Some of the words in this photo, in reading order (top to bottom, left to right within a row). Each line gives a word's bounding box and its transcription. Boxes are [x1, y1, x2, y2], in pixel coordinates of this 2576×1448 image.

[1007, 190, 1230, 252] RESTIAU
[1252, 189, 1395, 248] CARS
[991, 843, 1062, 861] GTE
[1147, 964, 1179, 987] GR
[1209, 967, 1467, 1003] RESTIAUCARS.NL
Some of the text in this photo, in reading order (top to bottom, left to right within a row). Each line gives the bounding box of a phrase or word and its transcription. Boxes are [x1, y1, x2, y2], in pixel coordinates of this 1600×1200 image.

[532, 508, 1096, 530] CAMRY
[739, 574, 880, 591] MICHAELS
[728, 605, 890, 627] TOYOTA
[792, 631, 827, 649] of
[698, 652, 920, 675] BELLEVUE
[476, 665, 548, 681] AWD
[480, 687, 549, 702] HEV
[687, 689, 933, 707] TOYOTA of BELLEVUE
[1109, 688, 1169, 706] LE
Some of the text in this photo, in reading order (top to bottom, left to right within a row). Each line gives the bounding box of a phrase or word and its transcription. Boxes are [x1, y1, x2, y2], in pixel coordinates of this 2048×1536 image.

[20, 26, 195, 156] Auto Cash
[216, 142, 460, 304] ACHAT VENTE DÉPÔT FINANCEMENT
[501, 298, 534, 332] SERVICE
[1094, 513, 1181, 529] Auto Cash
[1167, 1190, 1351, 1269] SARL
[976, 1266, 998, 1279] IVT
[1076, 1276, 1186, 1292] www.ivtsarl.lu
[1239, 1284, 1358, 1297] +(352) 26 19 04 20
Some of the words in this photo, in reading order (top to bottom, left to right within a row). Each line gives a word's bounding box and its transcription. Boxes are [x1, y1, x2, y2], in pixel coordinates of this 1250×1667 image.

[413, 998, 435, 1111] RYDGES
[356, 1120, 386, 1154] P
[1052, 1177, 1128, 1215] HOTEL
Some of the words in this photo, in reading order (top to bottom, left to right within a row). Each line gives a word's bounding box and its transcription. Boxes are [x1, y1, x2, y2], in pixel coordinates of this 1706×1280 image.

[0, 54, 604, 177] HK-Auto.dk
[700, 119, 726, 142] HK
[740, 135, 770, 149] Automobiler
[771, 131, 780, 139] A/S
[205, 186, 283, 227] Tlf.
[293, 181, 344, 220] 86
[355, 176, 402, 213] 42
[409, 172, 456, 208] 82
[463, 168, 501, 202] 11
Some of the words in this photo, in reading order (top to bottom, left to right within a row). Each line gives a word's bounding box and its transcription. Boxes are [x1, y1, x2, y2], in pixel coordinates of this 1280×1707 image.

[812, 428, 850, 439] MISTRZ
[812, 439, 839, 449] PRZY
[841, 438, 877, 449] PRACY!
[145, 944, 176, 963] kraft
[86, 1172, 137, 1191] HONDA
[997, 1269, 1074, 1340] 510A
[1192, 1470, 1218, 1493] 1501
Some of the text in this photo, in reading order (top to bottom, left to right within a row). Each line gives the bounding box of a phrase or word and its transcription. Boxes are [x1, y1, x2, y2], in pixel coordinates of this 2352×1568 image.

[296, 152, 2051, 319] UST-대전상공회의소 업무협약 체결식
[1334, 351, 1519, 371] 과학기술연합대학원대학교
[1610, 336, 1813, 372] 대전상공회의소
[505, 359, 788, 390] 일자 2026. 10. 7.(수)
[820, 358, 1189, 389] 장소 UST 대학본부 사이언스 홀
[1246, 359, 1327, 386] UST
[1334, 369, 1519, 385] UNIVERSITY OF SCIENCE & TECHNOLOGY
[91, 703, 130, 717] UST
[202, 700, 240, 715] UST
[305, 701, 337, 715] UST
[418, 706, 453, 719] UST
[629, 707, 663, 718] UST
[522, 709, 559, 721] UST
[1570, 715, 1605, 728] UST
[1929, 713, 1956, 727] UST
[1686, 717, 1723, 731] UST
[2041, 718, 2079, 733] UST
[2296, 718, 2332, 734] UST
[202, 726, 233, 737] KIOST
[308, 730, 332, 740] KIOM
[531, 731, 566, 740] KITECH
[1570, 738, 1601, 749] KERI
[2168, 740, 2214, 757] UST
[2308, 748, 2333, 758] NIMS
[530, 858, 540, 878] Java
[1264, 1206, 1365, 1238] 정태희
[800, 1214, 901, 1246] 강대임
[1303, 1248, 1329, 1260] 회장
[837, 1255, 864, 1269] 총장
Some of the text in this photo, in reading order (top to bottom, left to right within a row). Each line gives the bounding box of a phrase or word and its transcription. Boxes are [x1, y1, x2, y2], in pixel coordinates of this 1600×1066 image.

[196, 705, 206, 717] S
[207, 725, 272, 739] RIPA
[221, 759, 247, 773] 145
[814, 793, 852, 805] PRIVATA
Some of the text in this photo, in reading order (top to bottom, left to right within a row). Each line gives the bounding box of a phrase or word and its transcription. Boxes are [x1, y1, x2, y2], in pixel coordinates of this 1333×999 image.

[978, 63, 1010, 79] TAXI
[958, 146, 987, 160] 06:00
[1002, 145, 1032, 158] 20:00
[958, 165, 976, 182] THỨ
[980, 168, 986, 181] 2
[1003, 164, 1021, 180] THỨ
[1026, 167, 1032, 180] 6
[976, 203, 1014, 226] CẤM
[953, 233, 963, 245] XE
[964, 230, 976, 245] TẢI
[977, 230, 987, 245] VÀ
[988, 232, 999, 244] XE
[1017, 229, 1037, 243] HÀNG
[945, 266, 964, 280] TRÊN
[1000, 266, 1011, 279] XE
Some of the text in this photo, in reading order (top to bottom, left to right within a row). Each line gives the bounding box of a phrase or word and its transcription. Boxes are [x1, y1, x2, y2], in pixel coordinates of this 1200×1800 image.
○ ○ ○ ○ ○
For each entry above, please make an exact copy.

→ Answer for the task
Some of the words in this photo, in reading order (top to bottom, left to right within a row). Each line gives a word's bounding box and its transcription. Boxes are [x1, y1, x2, y2], in pixel coordinates of this 2576×1448 image.

[1007, 190, 1230, 252] RESTIAU
[1252, 189, 1395, 248] CARS
[991, 843, 1062, 861] GTE
[1147, 964, 1179, 987] GR
[1209, 967, 1467, 1003] RESTIAUCARS.NL
Some of the text in this photo, in reading order (top to bottom, left to right within a row). Each line gives the bounding box of a phrase or word and its transcription. Boxes are [x1, y1, x2, y2], in pixel coordinates of this 1600×1200 image.

[532, 508, 1096, 530] CAMRY
[739, 574, 880, 591] MICHAELS
[728, 605, 890, 627] TOYOTA
[792, 631, 827, 649] of
[698, 652, 920, 675] BELLEVUE
[476, 665, 548, 681] AWD
[480, 687, 549, 702] HEV
[687, 689, 933, 707] TOYOTA of BELLEVUE
[1109, 688, 1169, 706] LE
Some of the text in this photo, in reading order (top to bottom, left to right within a row). Each line gives the bounding box of a phrase or word and its transcription. Boxes are [x1, y1, x2, y2], in pixel coordinates of this 2048×1536 image.

[20, 26, 195, 156] Auto Cash
[216, 142, 460, 304] ACHAT VENTE DÉPÔT FINANCEMENT
[501, 298, 534, 332] SERVICE
[1094, 513, 1181, 529] Auto Cash
[1167, 1190, 1351, 1269] SARL
[976, 1266, 998, 1279] IVT
[1076, 1276, 1186, 1292] www.ivtsarl.lu
[1239, 1284, 1358, 1297] +(352) 26 19 04 20
Some of the words in this photo, in reading order (top to bottom, left to right within a row). Each line gives a word's bounding box and its transcription. Boxes are [x1, y1, x2, y2], in pixel coordinates of this 1250×1667 image.

[413, 998, 435, 1111] RYDGES
[356, 1120, 386, 1154] P
[1052, 1177, 1128, 1215] HOTEL
Some of the words in this photo, in reading order (top to bottom, left to right within a row). Each line gives a word's bounding box and its transcription. Boxes are [x1, y1, x2, y2], in pixel coordinates of this 1706×1280 image.

[0, 54, 604, 177] HK-Auto.dk
[700, 119, 726, 142] HK
[740, 135, 770, 149] Automobiler
[771, 131, 780, 139] A/S
[205, 186, 283, 227] Tlf.
[293, 181, 344, 220] 86
[355, 176, 402, 213] 42
[409, 172, 456, 208] 82
[463, 168, 501, 202] 11
Some of the words in this photo, in reading order (top to bottom, left to right within a row). Each line gives a word's bounding box and its transcription. Boxes are [x1, y1, x2, y2], in pixel coordinates of this 1280×1707 image.

[812, 428, 850, 439] MISTRZ
[812, 439, 839, 449] PRZY
[841, 438, 877, 449] PRACY!
[145, 944, 176, 963] kraft
[86, 1172, 137, 1191] HONDA
[997, 1269, 1074, 1340] 510A
[1192, 1470, 1218, 1493] 1501
Some of the text in this photo, in reading order (top to bottom, left to right within a row). Each line gives the bounding box of a phrase or word and its transcription. Boxes are [x1, y1, x2, y2], in pixel coordinates of this 2352×1568 image.

[296, 152, 2051, 319] UST-대전상공회의소 업무협약 체결식
[1334, 351, 1519, 371] 과학기술연합대학원대학교
[1610, 336, 1813, 372] 대전상공회의소
[505, 359, 788, 390] 일자 2026. 10. 7.(수)
[820, 358, 1189, 389] 장소 UST 대학본부 사이언스 홀
[1246, 359, 1327, 386] UST
[1334, 369, 1519, 385] UNIVERSITY OF SCIENCE & TECHNOLOGY
[91, 703, 130, 717] UST
[202, 700, 240, 715] UST
[305, 701, 337, 715] UST
[418, 706, 453, 719] UST
[629, 707, 663, 718] UST
[522, 709, 559, 721] UST
[1570, 715, 1605, 728] UST
[1929, 713, 1956, 727] UST
[1686, 717, 1723, 731] UST
[2041, 718, 2079, 733] UST
[2296, 718, 2332, 734] UST
[202, 726, 233, 737] KIOST
[308, 730, 332, 740] KIOM
[531, 731, 566, 740] KITECH
[1570, 738, 1601, 749] KERI
[2168, 740, 2214, 757] UST
[2308, 748, 2333, 758] NIMS
[530, 858, 540, 878] Java
[1264, 1206, 1365, 1238] 정태희
[800, 1214, 901, 1246] 강대임
[1303, 1248, 1329, 1260] 회장
[837, 1255, 864, 1269] 총장
Some of the text in this photo, in reading order (top to bottom, left to right within a row). Each line gives the bounding box of a phrase or word and its transcription. Boxes are [x1, y1, x2, y2], in pixel coordinates of this 1600×1066 image.

[196, 705, 206, 717] S
[207, 725, 272, 739] RIPA
[221, 759, 247, 773] 145
[814, 793, 852, 805] PRIVATA
Some of the text in this photo, in reading order (top to bottom, left to right within a row). Each line gives the bounding box of a phrase or word and its transcription. Boxes are [x1, y1, x2, y2], in pixel coordinates of this 1333×999 image.

[978, 63, 1010, 79] TAXI
[958, 146, 987, 160] 06:00
[1002, 145, 1032, 158] 20:00
[958, 165, 976, 182] THỨ
[980, 168, 986, 181] 2
[1003, 164, 1021, 180] THỨ
[1026, 167, 1032, 180] 6
[976, 203, 1014, 226] CẤM
[953, 233, 963, 245] XE
[964, 230, 976, 245] TẢI
[977, 230, 987, 245] VÀ
[988, 232, 999, 244] XE
[1017, 229, 1037, 243] HÀNG
[945, 266, 964, 280] TRÊN
[1000, 266, 1011, 279] XE
Some of the text in this photo, in reading order (top to bottom, left to right within a row). Each line gives the bounding box of a phrase or word and its transcription. Boxes are [x1, y1, x2, y2], in pixel coordinates of this 1200×1800 image.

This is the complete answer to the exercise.